▶ WORK TO BE COMPLETED: Retype, exactly as they appear below, the lines between the line holding "this 1440×1281 image." and the line holding "Some of the words", both ends included.
☆ ☆ ☆
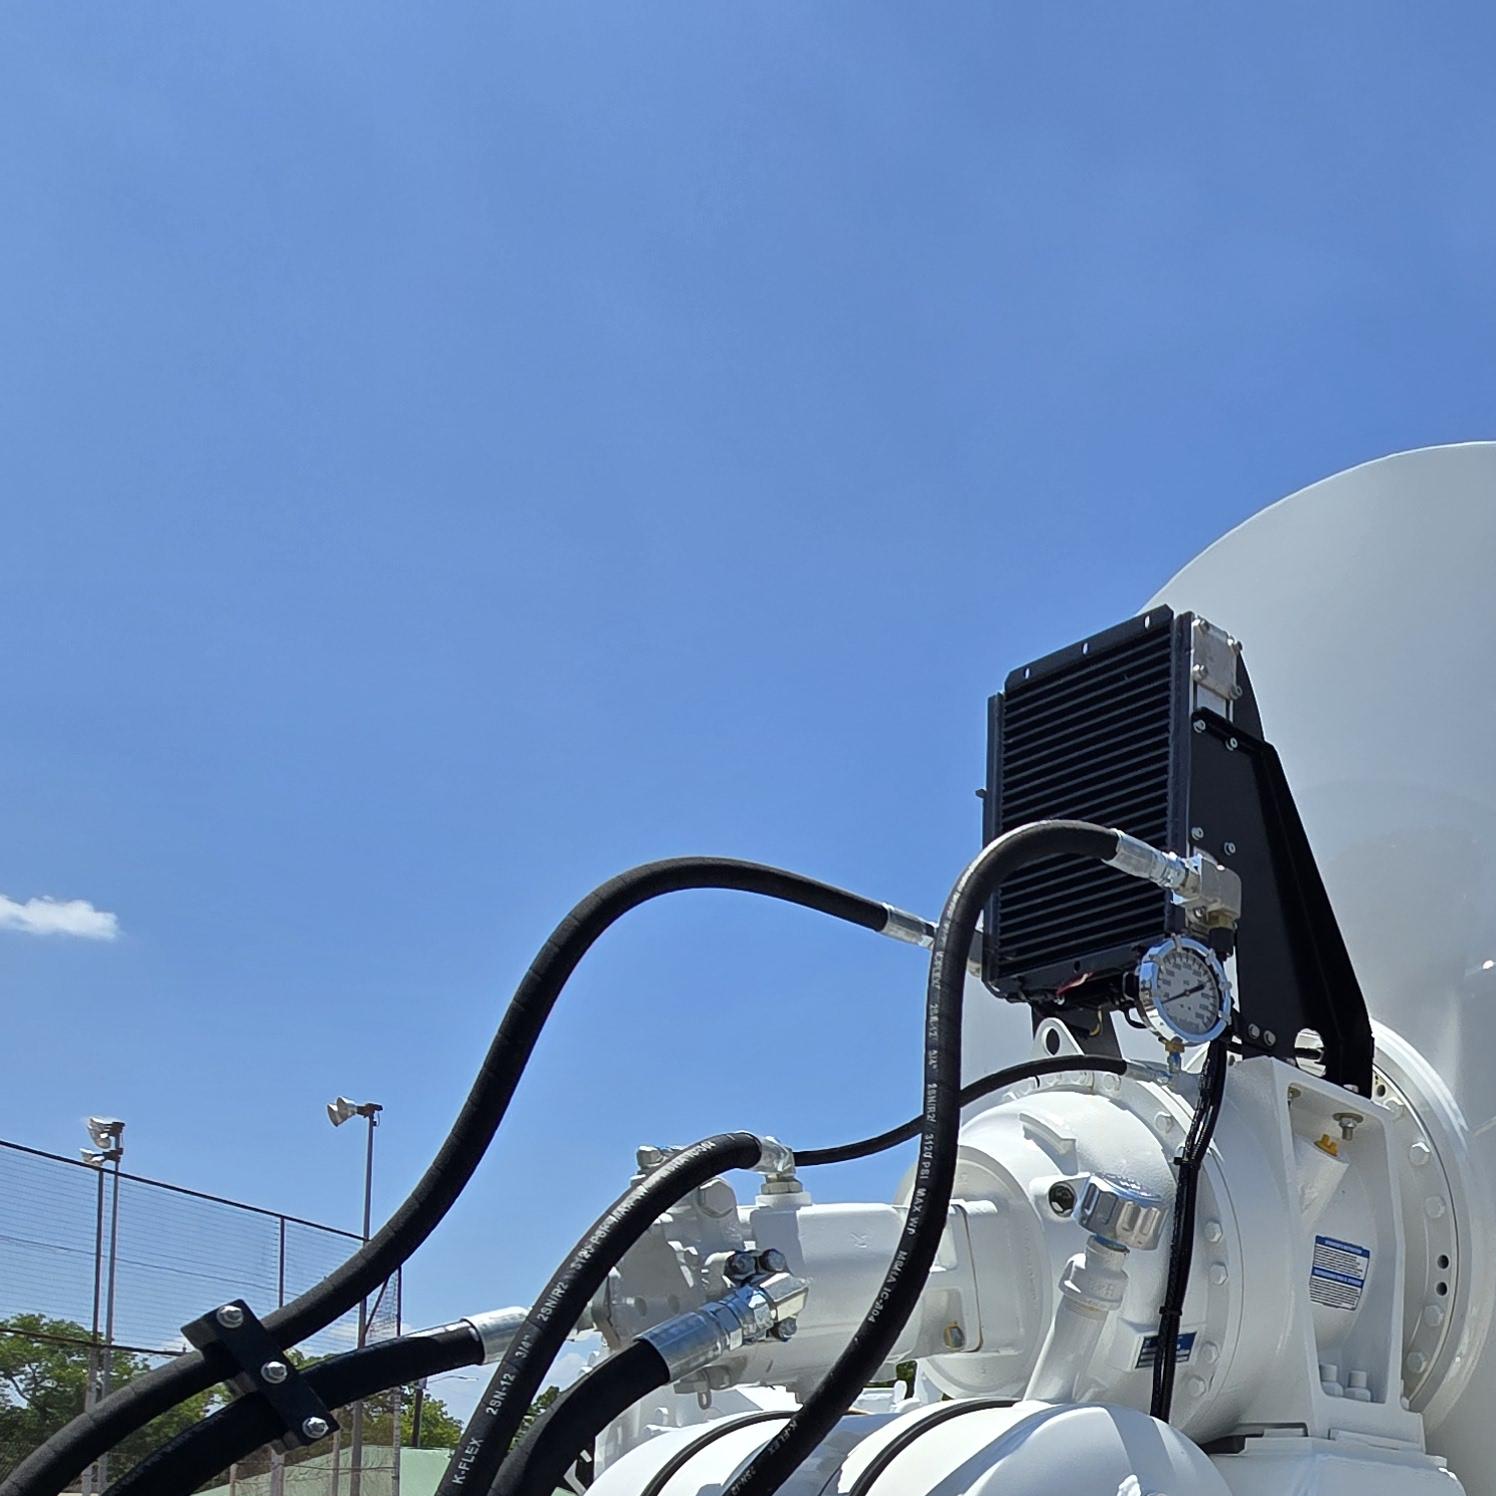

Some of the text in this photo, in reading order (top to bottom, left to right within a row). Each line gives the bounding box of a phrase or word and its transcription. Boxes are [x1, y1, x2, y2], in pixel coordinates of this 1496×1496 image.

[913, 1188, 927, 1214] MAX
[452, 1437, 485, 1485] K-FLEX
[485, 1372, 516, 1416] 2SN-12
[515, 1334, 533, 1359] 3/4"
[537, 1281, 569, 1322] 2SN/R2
☆ ☆ ☆
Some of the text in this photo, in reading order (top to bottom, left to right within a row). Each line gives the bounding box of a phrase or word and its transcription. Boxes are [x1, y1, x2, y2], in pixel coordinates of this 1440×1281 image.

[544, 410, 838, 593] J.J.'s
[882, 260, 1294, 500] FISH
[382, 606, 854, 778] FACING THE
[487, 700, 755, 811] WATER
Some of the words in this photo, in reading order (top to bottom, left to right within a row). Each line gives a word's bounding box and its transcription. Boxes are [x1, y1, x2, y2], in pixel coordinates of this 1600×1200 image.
☆ ☆ ☆
▶ ANSWER AREA:
Some of the text in this photo, in reading order (top to bottom, left to right within a row). Each line gives the bounding box of a phrase or word and its transcription. Boxes are [x1, y1, x2, y2], in pixel coordinates of this 1440×1281 image.

[544, 410, 838, 593] J.J.'s
[882, 260, 1294, 500] FISH
[382, 606, 854, 778] FACING THE
[487, 700, 755, 811] WATER
Some of the words in this photo, in reading order (top to bottom, left to right within a row). Each line gives a word's bounding box and its transcription. Boxes are [x1, y1, x2, y2], in pixel coordinates of this 1600×1200 image.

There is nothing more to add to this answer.